Now for the FUN part. You DID get some gloves I hope? The TangleFoot® tree resin IS extremely sticky stuff and also why these work so well. You can also find this at better garden centers and I like ACE hardware as I can get most all the materials there! This resin is not new - it's been in use since 1885 and still great! Cost is about 10 bucks for enough to coat quite a few panels. Open the container and place the resin in direct sunlight to soften it up. This stuff is extremely thick (like caramel) and the sunlight really helps to thin it out so you brush it on your panels.

If your panels holes are not too big, you will find that you can hold each one by the dowel rod/ stake and evenly brush the resin on both sides. I don't worry about getting too much on the stakes, it just adds more sticky!

Step 4: Deploy Your New Traps!

Within 30 seconds of deploying my sticky traps they were catching those pesky flea beetles that were eating my garden alive. Ha! Here you can see both the front and backside of one done in both yellow/green.

For those concerned about catching the 'wrong' kind of bugs- don't fret. These colors are optimal for catching ONLY the pests you don't want leaving beneficial insects alone. With 2 seasons of use I'm happy to report that we only saw ONE ladybug get stuck (sigh) and zero bees. Those are numbers I can live with!
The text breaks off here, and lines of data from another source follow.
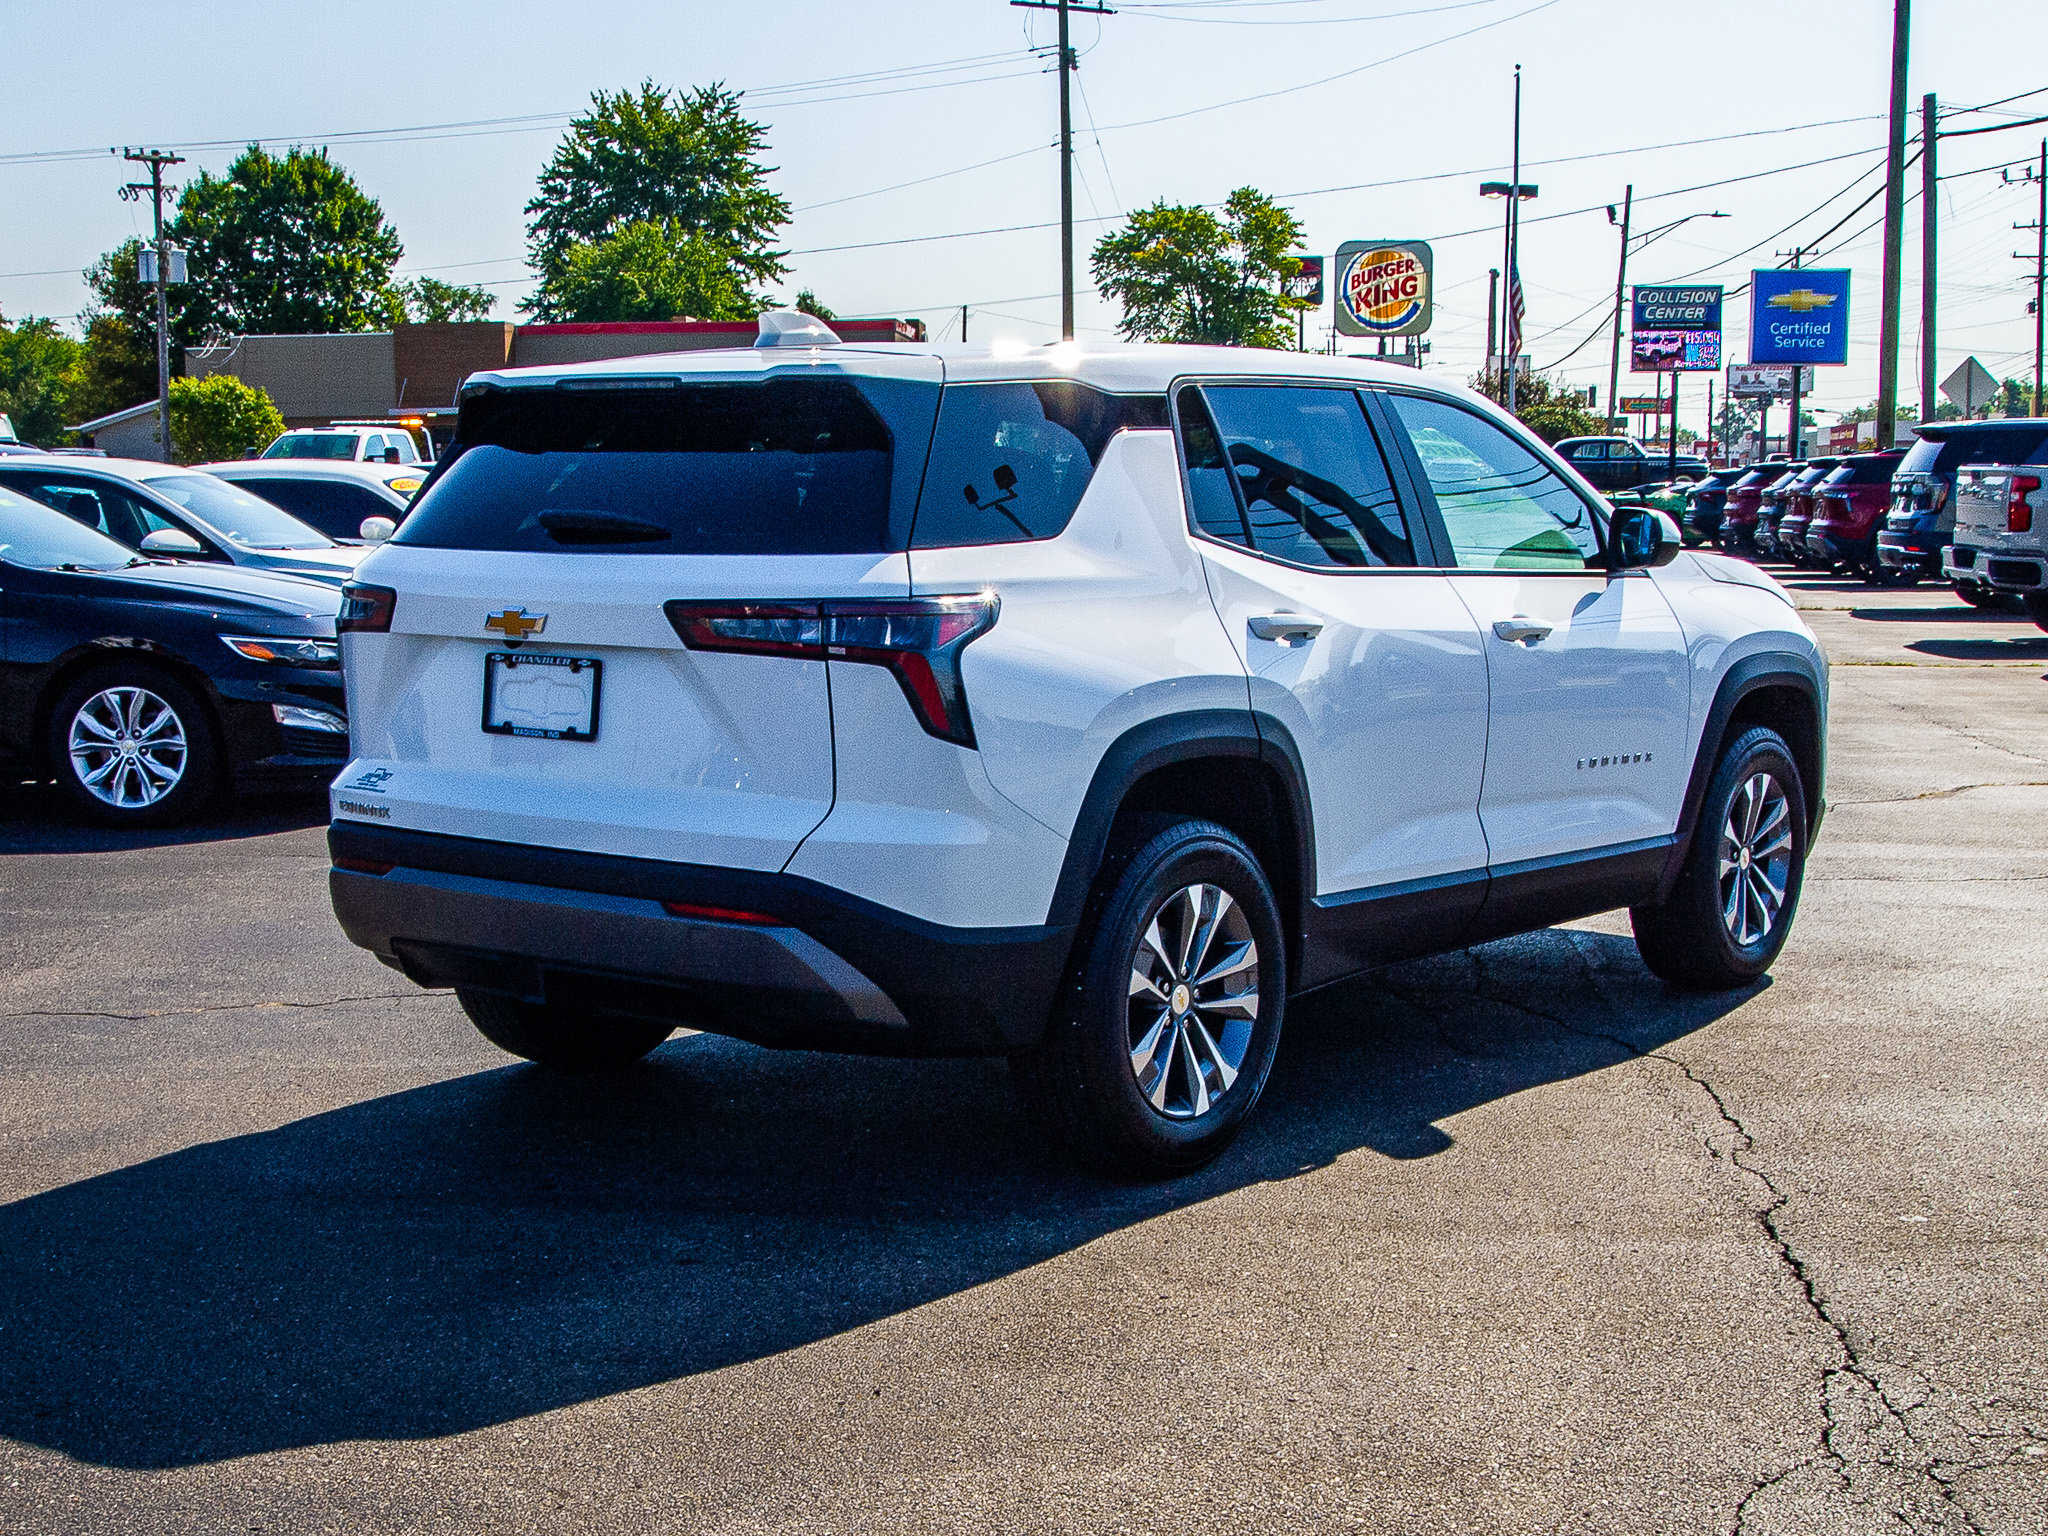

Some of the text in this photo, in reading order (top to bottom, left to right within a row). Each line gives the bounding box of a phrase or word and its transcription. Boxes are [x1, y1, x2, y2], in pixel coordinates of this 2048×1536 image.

[1351, 258, 1415, 290] BURGER
[1355, 275, 1418, 314] KING
[1638, 290, 1717, 304] COLLISION
[1645, 306, 1705, 319] CENTER
[1770, 322, 1831, 335] Certified
[1775, 336, 1825, 348] Service
[512, 655, 571, 666] CHANDLER
[1577, 752, 1653, 770] EQUINOX
These really are very useful for your garden areas but keep away from small children and pets! These ARE incredibly sticky messy traps that work really, really well..but you don't want this in your hair or on your clothes. If it happens, don't worry- just search Facebook for Grime Solver for an easy way to remove the sticky from both. (full disclosure: that is my product as well)


My 3D-printed 'high-tech' version is still a WIP and will be posted here as soon as it is completed and tested. My apologies for not having it done in time for this contest! This is my very first instructable and I hope you like it and it can save your plants as well!